== Records supplied ==
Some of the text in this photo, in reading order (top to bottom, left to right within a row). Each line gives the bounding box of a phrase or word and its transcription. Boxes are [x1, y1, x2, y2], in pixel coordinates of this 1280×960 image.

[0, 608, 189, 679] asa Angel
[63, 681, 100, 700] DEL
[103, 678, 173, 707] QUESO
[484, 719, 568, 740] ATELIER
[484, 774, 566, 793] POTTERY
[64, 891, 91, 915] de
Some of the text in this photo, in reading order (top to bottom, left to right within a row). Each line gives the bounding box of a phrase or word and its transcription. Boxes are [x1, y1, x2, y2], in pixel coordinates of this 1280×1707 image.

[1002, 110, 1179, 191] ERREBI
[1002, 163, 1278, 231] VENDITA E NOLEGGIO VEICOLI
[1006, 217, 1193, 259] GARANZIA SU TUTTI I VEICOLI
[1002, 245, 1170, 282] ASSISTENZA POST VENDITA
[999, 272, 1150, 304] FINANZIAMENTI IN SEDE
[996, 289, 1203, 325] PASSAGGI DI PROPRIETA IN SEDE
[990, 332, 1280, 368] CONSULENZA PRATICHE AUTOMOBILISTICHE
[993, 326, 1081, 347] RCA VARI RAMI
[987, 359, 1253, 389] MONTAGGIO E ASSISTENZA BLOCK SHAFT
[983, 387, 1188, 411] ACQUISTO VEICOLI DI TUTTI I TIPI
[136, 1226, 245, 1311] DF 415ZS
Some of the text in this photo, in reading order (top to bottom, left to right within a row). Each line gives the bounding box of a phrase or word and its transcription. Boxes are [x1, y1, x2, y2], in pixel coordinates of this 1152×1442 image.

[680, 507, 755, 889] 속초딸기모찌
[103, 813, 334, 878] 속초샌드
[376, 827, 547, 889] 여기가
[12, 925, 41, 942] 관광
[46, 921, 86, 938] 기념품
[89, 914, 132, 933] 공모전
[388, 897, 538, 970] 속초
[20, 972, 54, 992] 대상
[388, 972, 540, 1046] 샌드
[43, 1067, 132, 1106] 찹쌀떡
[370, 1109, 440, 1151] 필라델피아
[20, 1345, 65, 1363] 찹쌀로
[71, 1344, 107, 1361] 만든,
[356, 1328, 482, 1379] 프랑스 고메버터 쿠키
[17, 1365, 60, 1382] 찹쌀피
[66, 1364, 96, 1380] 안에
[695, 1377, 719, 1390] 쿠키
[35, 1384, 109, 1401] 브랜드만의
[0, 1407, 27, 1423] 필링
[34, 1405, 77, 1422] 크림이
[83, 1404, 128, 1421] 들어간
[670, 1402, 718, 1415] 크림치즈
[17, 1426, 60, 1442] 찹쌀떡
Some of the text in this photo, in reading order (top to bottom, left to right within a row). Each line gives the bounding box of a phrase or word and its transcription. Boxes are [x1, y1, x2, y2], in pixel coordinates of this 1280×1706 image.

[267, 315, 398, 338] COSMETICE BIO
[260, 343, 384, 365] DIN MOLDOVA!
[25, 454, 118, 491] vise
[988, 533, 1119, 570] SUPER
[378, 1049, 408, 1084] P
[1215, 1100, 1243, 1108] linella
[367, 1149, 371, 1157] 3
===
▶ Prompt
Starting with the line that contains "this 1280×1706 image.", return every line through the last one of the records, exactly as written.

▶ Response area
Some of the text in this photo, in reading order (top to bottom, left to right within a row). Each line gives the bounding box of a phrase or word and its transcription. Boxes are [x1, y1, x2, y2], in pixel coordinates of this 1280×1706 image.

[267, 315, 398, 338] COSMETICE BIO
[260, 343, 384, 365] DIN MOLDOVA!
[25, 454, 118, 491] vise
[988, 533, 1119, 570] SUPER
[378, 1049, 408, 1084] P
[1215, 1100, 1243, 1108] linella
[367, 1149, 371, 1157] 3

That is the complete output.